— Problem description —
Word for word, quote the lines from the one containing "Some of the text" to the end of the entries below, including both. Leave pictures out.

━━━━━━━━━━

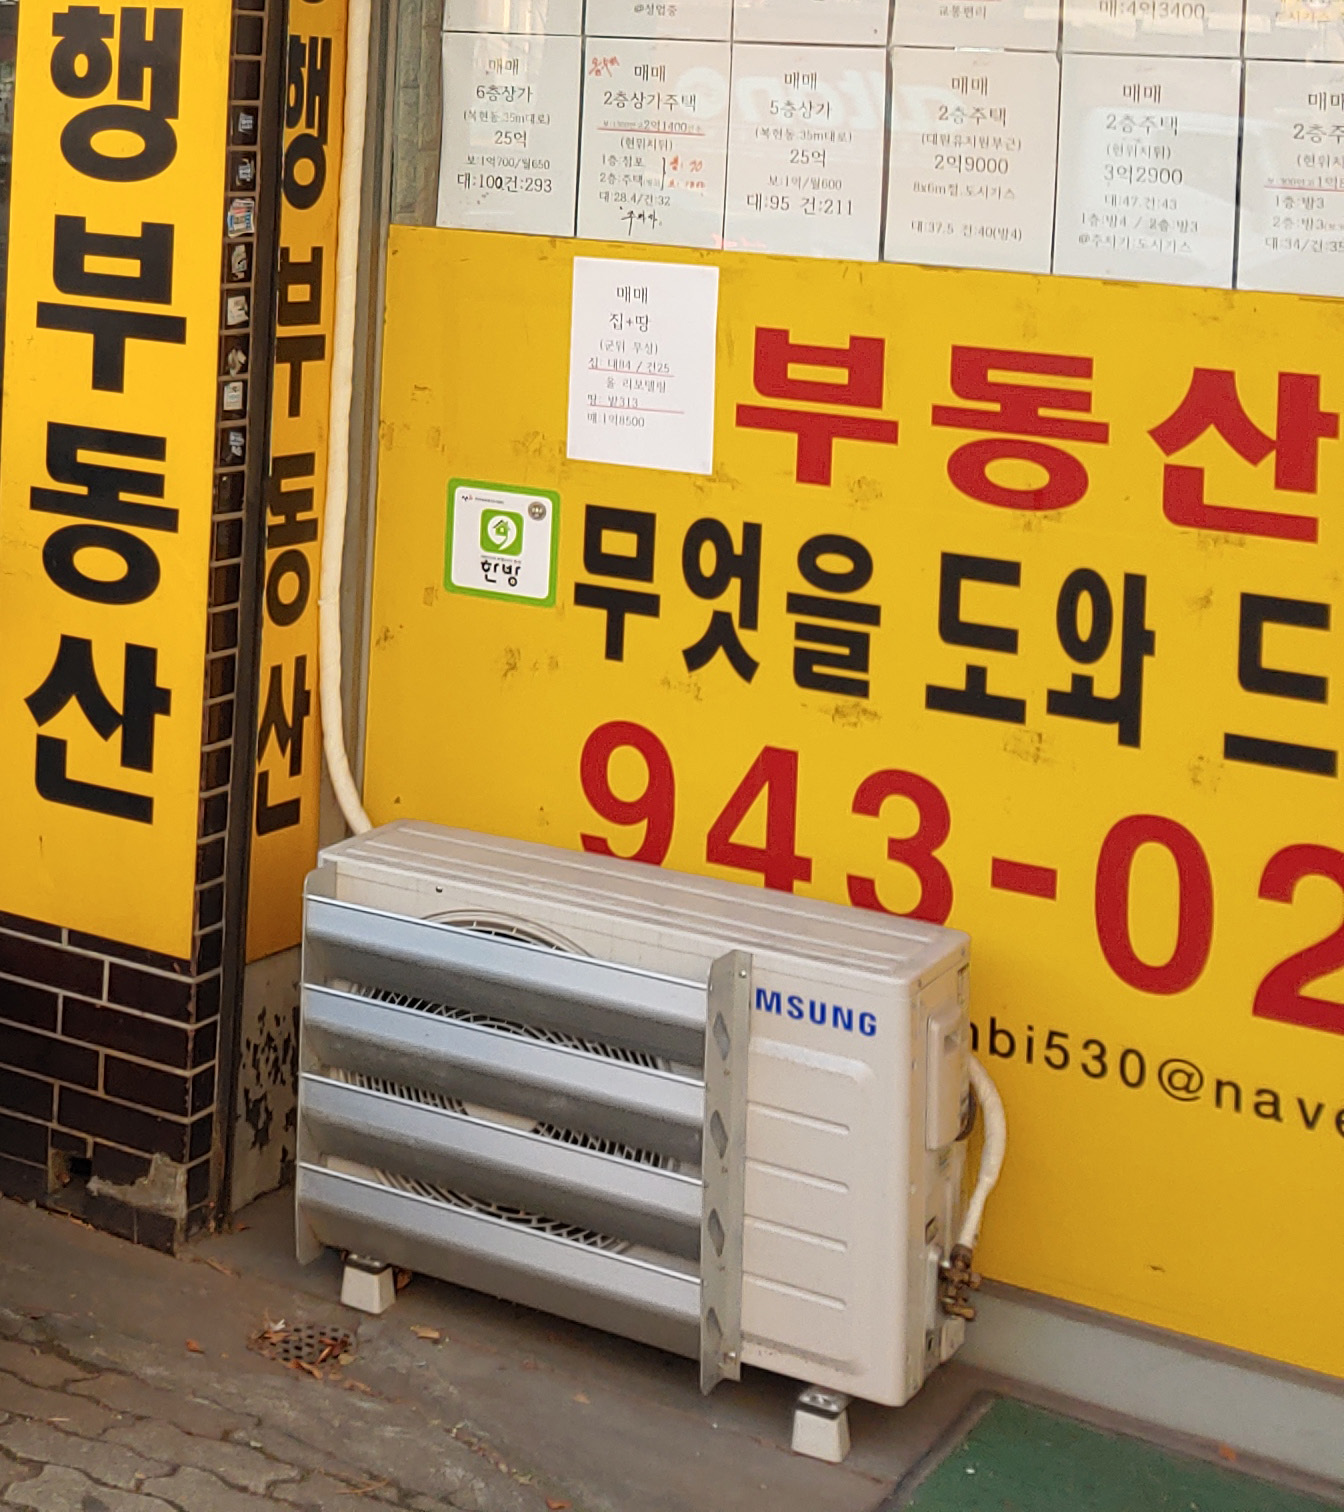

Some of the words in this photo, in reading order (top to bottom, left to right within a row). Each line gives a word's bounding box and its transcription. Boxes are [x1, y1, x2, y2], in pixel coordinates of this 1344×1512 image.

[487, 58, 520, 76] 매매
[633, 63, 667, 83] 매매
[784, 71, 818, 91] 매매
[951, 76, 988, 96] 매매
[476, 85, 534, 103] 6층상가
[602, 91, 697, 112] 2층상가주택
[1122, 83, 1162, 105] 매매
[769, 99, 833, 121] 5층상가
[494, 129, 528, 148] 25억
[789, 148, 827, 168] 25억
[933, 153, 1010, 175] 2억9000
[1103, 163, 1184, 186] 3억2900
[746, 193, 791, 213] 대:95
[800, 196, 854, 217] 건:211
[616, 285, 649, 304] 매매
[608, 313, 651, 333] 집+땅
[734, 325, 1342, 545] 부동산
[480, 559, 522, 588] 한방
[572, 502, 883, 702] 무엇을
[923, 550, 1157, 750] 도와
[753, 986, 879, 1039] MSUNG
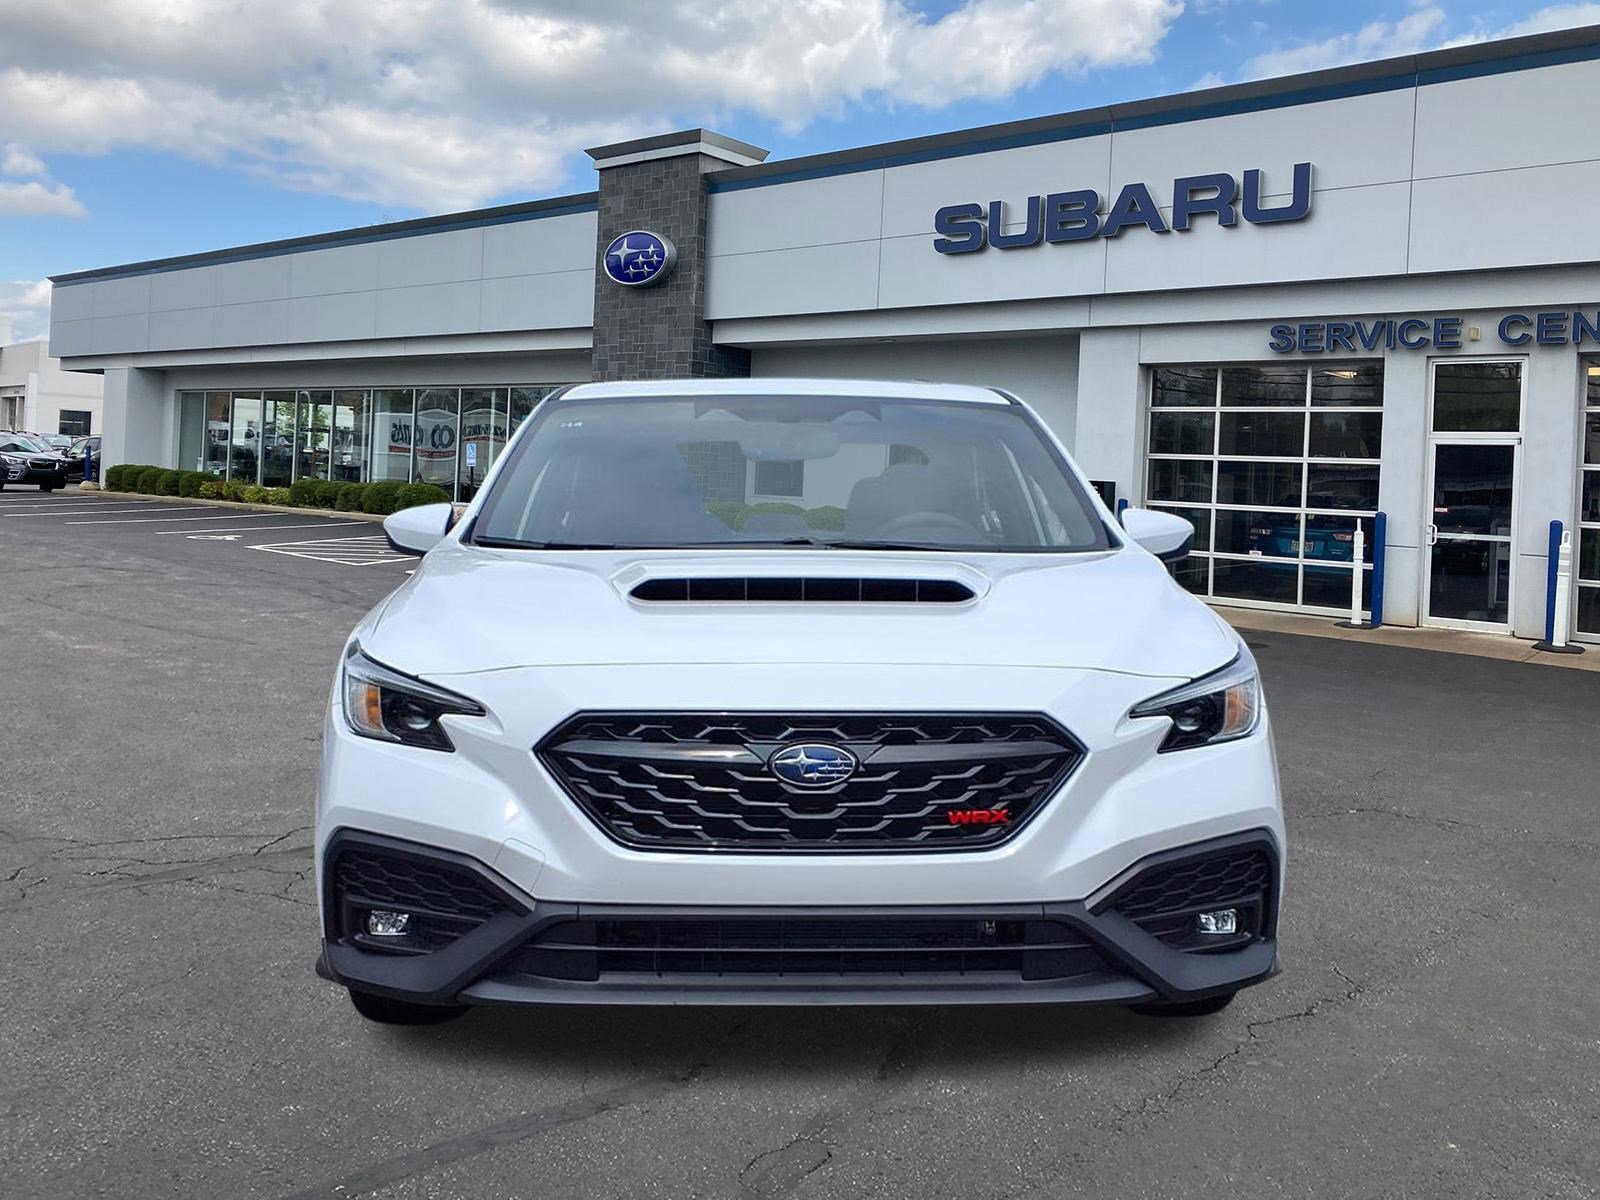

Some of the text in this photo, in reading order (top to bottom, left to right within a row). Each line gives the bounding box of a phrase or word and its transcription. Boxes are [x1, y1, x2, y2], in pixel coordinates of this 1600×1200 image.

[934, 162, 1313, 254] SUBARU
[1269, 317, 1463, 352] SERVICE
[947, 808, 1009, 825] WRX
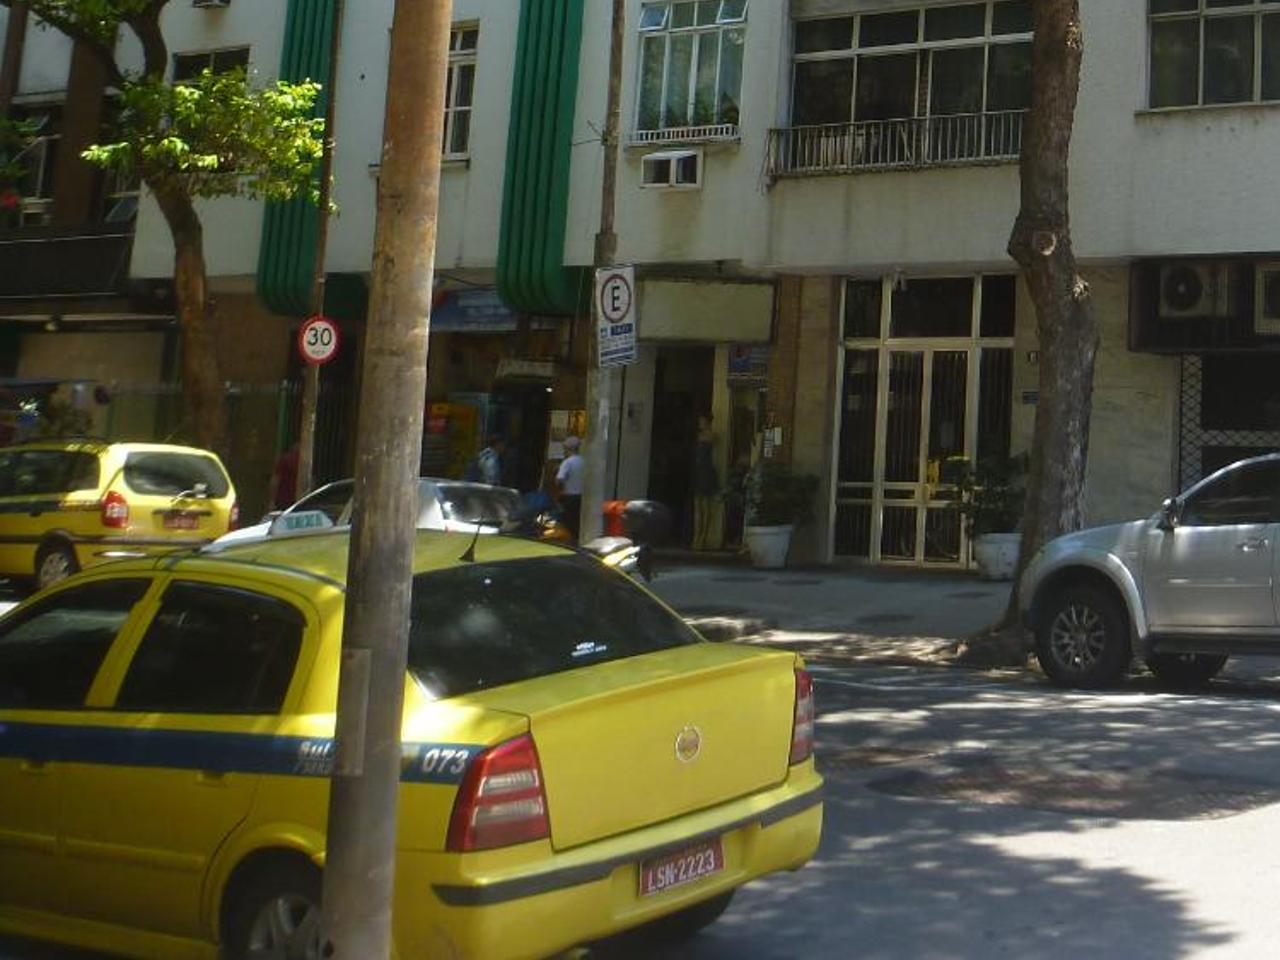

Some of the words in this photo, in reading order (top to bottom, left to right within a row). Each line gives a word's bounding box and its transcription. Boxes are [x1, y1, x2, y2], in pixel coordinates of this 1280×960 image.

━━━━━━━━━━

— Your solution —
Some of the text in this photo, in reading order (top to bottom, left to right within a row). Each line gives the bounding box of a phrase or word and its transcription. Boxes are [x1, y1, x2, y2], in pixel coordinates of this 1600×1200 image.

[934, 162, 1313, 254] SUBARU
[1269, 317, 1463, 352] SERVICE
[947, 808, 1009, 825] WRX

Some of the words in this photo, in reading order (top to bottom, left to right within a row). Each line gives a word's bounding box and its transcription. Boxes are [x1, y1, x2, y2], in pixel coordinates of this 1280×960 image.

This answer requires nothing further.